All we’re hearing from the self-righteous, all-knowing British press, is that Meghan the witch must be responsible for Harry’s current misery. She must be quartered for bringing the Queen and the Windsor House to shame. It has been sensationally called Megxit, a variant of the virus that has confused, paralysed, divided and brought out the worst in British politics in the last four years.
But Megxit is also a little more complicated than the vicious, grasping, treacherous, woebegone narrative shamelessly paraded by British journalist, Piers Morgan in his recent article.
Harry had an exceptionally difficult childhood and it doesn’t take Sigmund Freud to figure out that thanks to the British press, in a fundamental way, the young man is taking back his own pound of flesh on a system that he holds vicariously responsible for his mother’s death and his difficult upbringing.
The problem Harry had to deal with was not only in the brutally harsh and unforgiving way the press treated his mother. The press also drove a wedge between him and his brother, William. Whether it was about the pair’s drinking binge or when they were caught off-guard in some other pranks, Harry always saw it as his duty to play the counterfoil. He had been given to believe that his chances to the throne were slim and he saw it as his bounden duty not to let any harm come to his elder brother’s chances.
Harry was a man long before he could enjoy his childhood. His mother’s tragic death and the hypocrisy of the British establishment eloquently expressed in the tabloid press were the incentives he needed to walk back to his future. His mother’s difficulties and tragic death were open sores and even though the Queen rallied Britain after a spell of initial awkwardness following Diana’s death, Harry in particular, is still stranded in that painful chapter.
I’m not suggesting that Meghan has been a naïve, disinterested and completely blameless passenger on this journey. Of course not. A divorcee, three years older than Harry and significantly, from a mixed race; an actress who has seen a bit of the world from California to Johannesburg and from Vancouver and Bueno Aires, can hardly been expected to be a piece of royal decoration.
Did she underestimate the challenges of getting involved in a royal family dyed-in-the-wool in centuries of customs and traditions? Maybe. But if Harry and Meghan’s unusual meeting and courtship did not serve sufficient notice of what was to come, then their avantgarde wedding, complete with ebullient evangelical ministration and the preeminence of rock stars and celebrities ought to have put everyone on notice that it was not going to be royalty as usual.

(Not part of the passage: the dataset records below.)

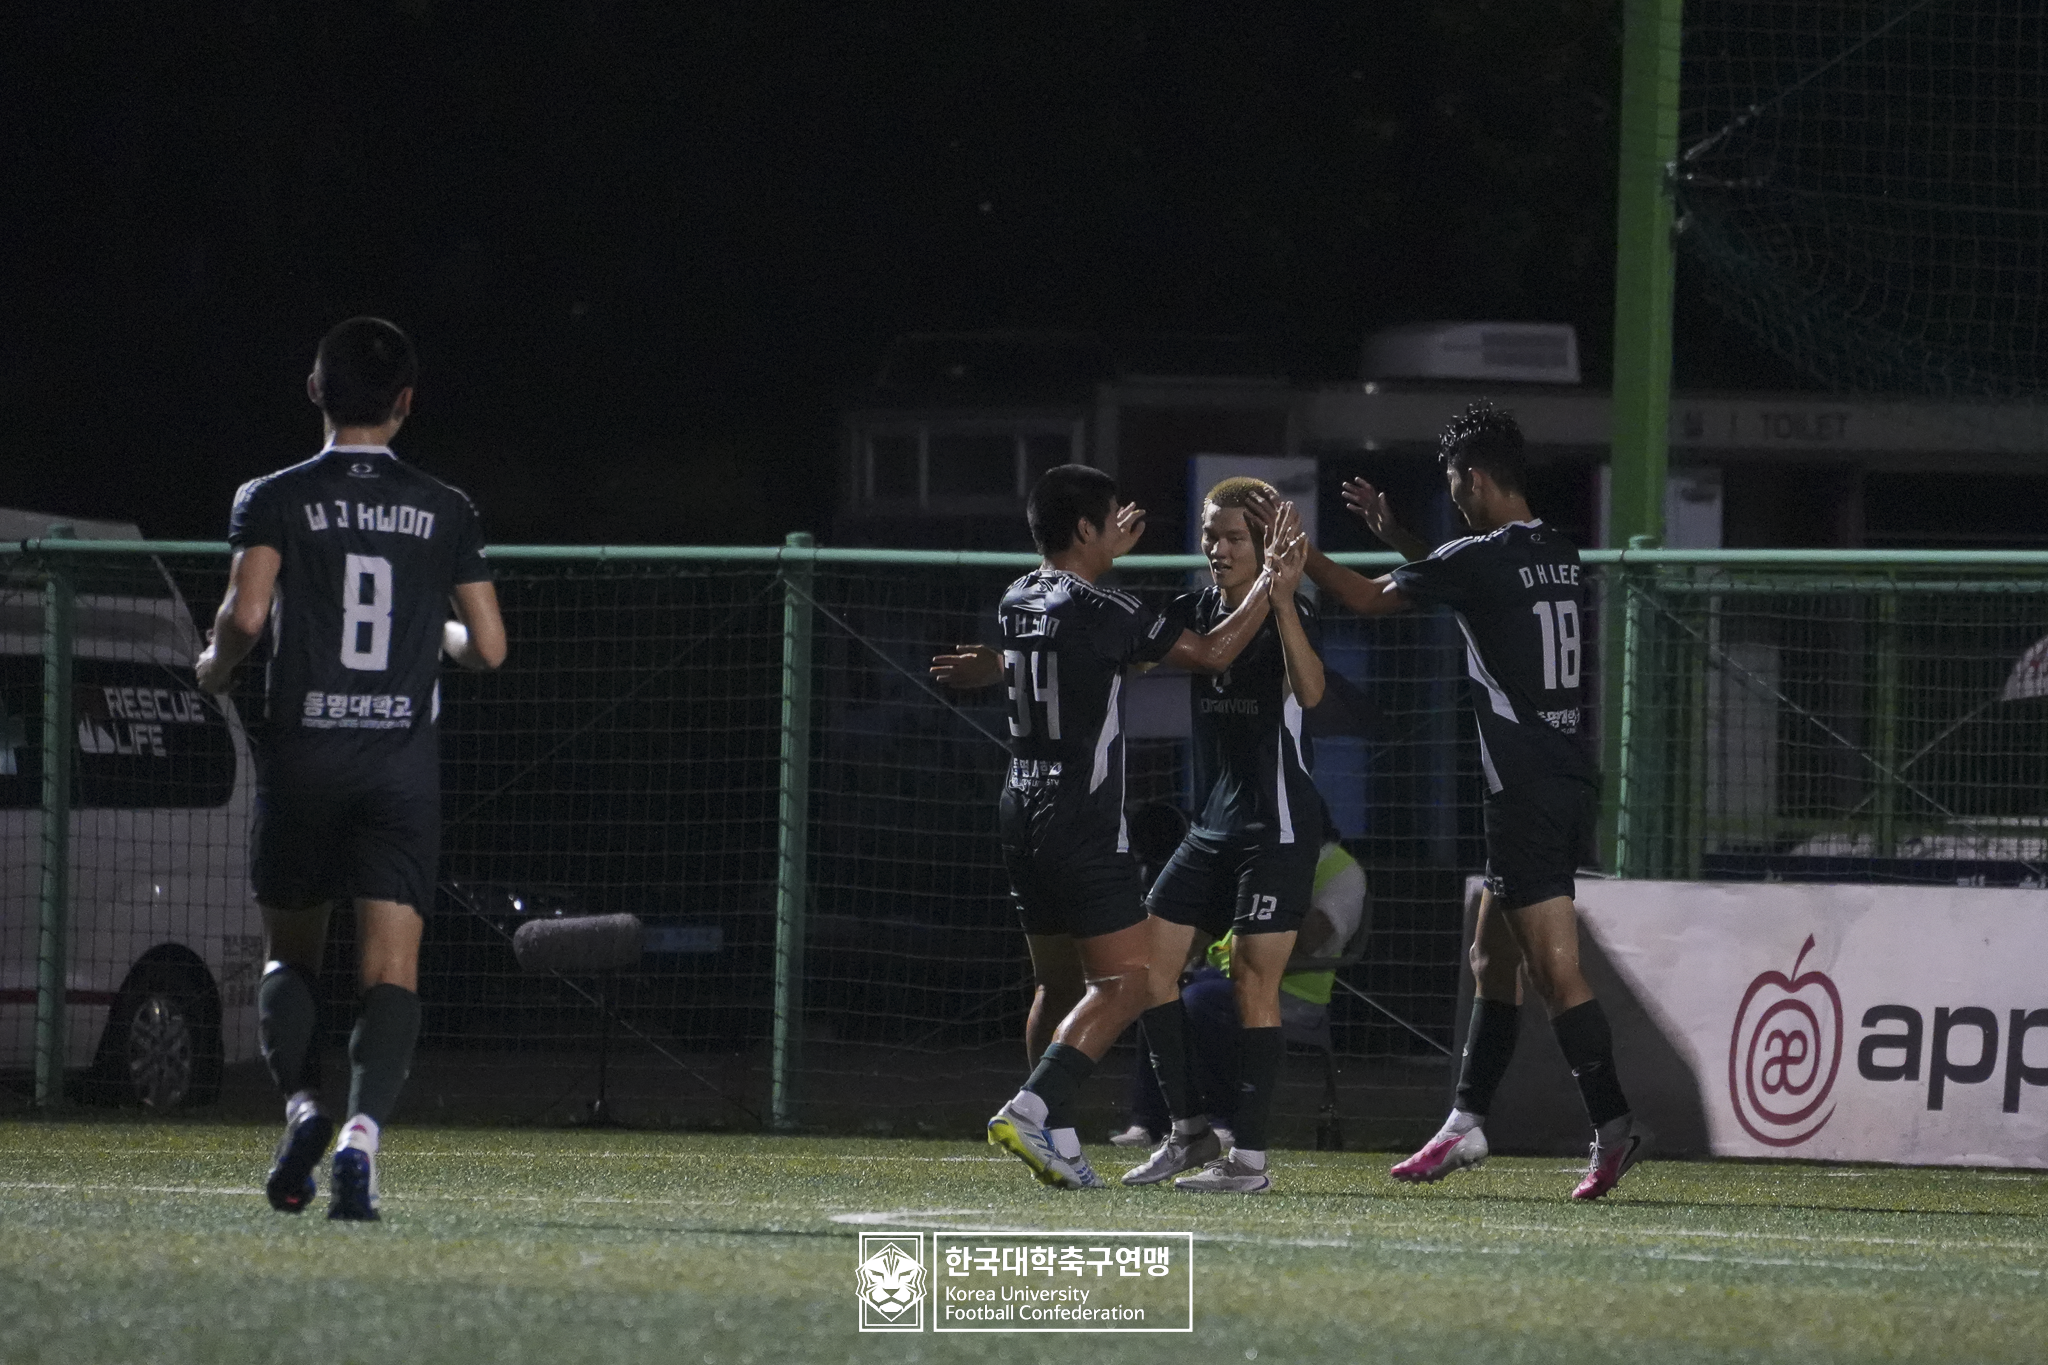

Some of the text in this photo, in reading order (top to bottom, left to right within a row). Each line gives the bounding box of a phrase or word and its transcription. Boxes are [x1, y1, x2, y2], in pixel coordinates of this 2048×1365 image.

[1760, 412, 1851, 440] TOILET
[304, 500, 435, 540] W J KWON
[1519, 564, 1580, 588] D H LEE
[340, 552, 392, 671] 8
[1015, 614, 1027, 634] H
[1532, 600, 1581, 690] 18
[103, 687, 205, 723] RESCUE
[303, 691, 412, 718] 동명대학교
[1003, 649, 1061, 740] 34
[112, 722, 167, 757] LIFE
[1249, 893, 1277, 920] 12
[1857, 1004, 2048, 1114] app

Sure, Windsor did not bargain for Rachel Zane of Suits, but Meghan was also not another Kate Middleton. Through the ups and downs of life and in spite of a difficult and complicated relationship with her father and a failed marriage, Meghan earned her stripes. Through it all, she had become fairly secure and independent. And more important, she found in Harry a kindred spirit of adventure and iconoclasticism.

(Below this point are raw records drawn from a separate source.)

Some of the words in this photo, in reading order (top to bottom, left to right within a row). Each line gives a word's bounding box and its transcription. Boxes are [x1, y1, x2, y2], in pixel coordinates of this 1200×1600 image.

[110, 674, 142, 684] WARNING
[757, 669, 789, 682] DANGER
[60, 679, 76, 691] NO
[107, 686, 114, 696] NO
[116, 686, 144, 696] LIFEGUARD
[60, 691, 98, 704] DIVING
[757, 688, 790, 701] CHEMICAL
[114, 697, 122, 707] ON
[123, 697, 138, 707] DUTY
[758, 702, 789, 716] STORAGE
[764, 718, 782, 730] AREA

Not the same for Kate Middleton who, it appears, is happy just to live for one thing and one thing alone: Prince William, the man who would be king someday.
Yet, this distinction, which has significantly shaped the lives of Harry and William and influenced their choices, is hardly accounted for in the villainous press attacks determined to re-create Meghan in the image of Kate, and Harry in the image of the prodigal prince.

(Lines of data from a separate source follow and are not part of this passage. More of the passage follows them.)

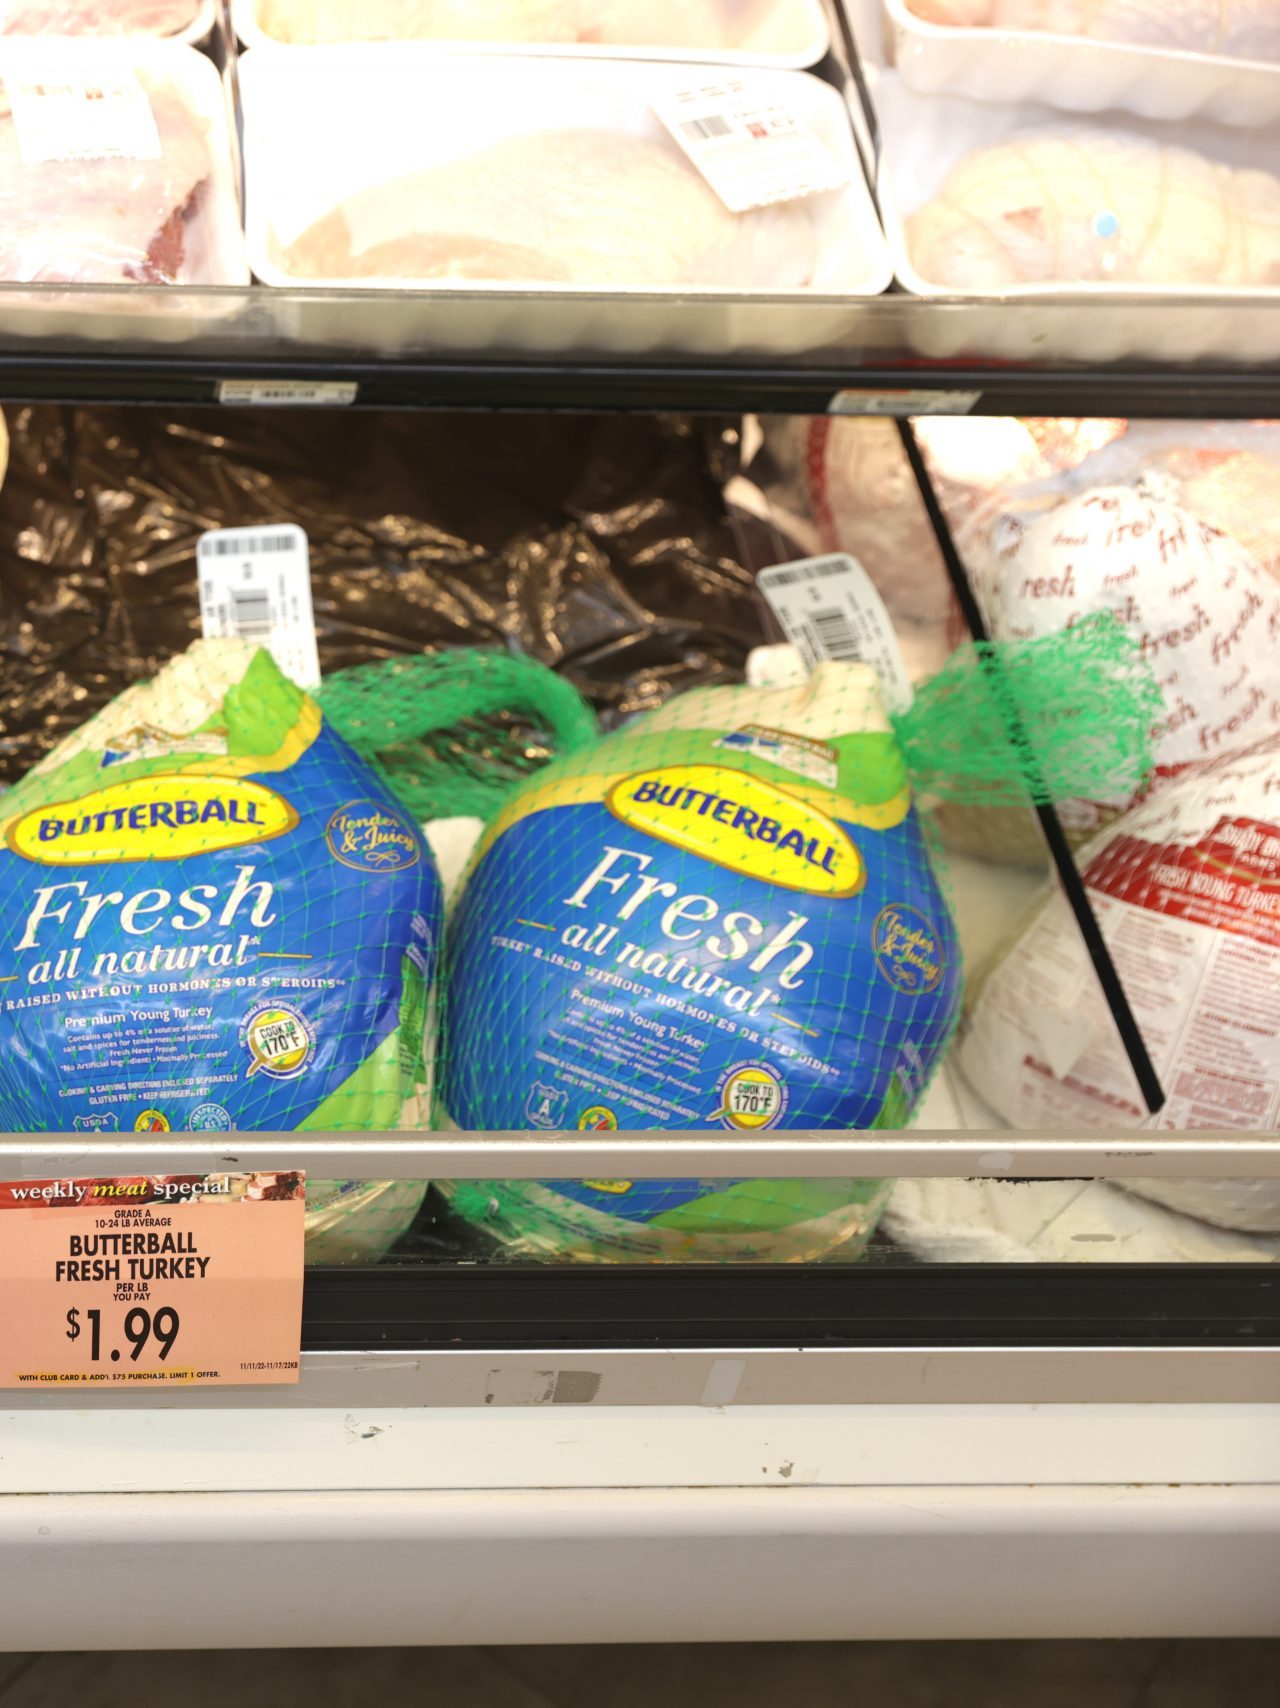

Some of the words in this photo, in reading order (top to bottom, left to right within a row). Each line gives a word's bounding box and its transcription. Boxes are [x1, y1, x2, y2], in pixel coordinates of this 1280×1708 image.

[1138, 603, 1212, 661] fresh
[1199, 686, 1265, 751] fresh
[38, 799, 266, 842] BUTTERBALL
[331, 811, 401, 834] Tender
[633, 780, 837, 876] BUTTERBALL
[340, 830, 363, 853] &
[363, 829, 416, 857] Juicy
[14, 865, 277, 953] Fresh
[563, 845, 815, 991] Fresh
[561, 921, 620, 957] all
[883, 910, 936, 953] Tender
[28, 948, 80, 986] all
[895, 947, 940, 980] Juicy
[6, 993, 61, 1011] RAISED
[65, 983, 143, 1001] WITHOUT
[148, 977, 231, 993] HORMONES
[235, 975, 257, 988] OR
[533, 947, 581, 972] RAISED
[585, 964, 653, 996] WITHOUT
[655, 990, 736, 1033] HORMONES
[740, 1027, 759, 1044] OR
[130, 1010, 170, 1023] Young
[173, 1006, 213, 1019] Turkey
[571, 988, 625, 1018] Premium
[628, 1010, 667, 1038] Young
[67, 1034, 101, 1043] Contains
[92, 1041, 118, 1050] spices
[186, 1032, 220, 1042] juiciness.
[259, 1026, 284, 1039] COOK
[264, 1031, 299, 1056] 170°F
[76, 1060, 109, 1070] Artificial
[127, 1080, 161, 1090] DIRECTIONS
[195, 1074, 239, 1085] SEPARATELY
[89, 1095, 118, 1105] GLUTEN
[734, 1094, 772, 1113] 170°F
[10, 1181, 88, 1202] weekly
[93, 1181, 149, 1198] meat
[153, 1177, 231, 1202] special
[95, 1219, 119, 1228] 10-24
[121, 1219, 131, 1228] LB
[133, 1217, 172, 1228] AVERAGE
[114, 1209, 143, 1218] GRADE
[144, 1209, 151, 1218] A
[70, 1231, 198, 1257] BUTTERBALL
[55, 1259, 120, 1282] FRESH
[128, 1256, 211, 1280] TURKEY
[113, 1293, 132, 1302] YOU
[133, 1292, 151, 1301] PAY
[116, 1283, 134, 1292] PER
[137, 1282, 148, 1292] LB
[65, 1305, 180, 1362] $1.99
[112, 1373, 126, 1381] $75
[128, 1372, 168, 1380] PURCHASE.

Too bad – and too late. After years of searching for an answer to his misery, Harry has, at last, found a path that works for him. And he has also found a woman who is, in some ways, like the mother he did not have – or more correctly, who the establishment won’t let him have. Harry and Meghan are determined to do things, to live, differently.
Megxit. Harxit. Or MegHarxit. It does not promise to be easy for the couple and their son, Archie. But then, neither does living in denial.
Azu Ishiekwene is the managing director/editor-in-chief of The Interview.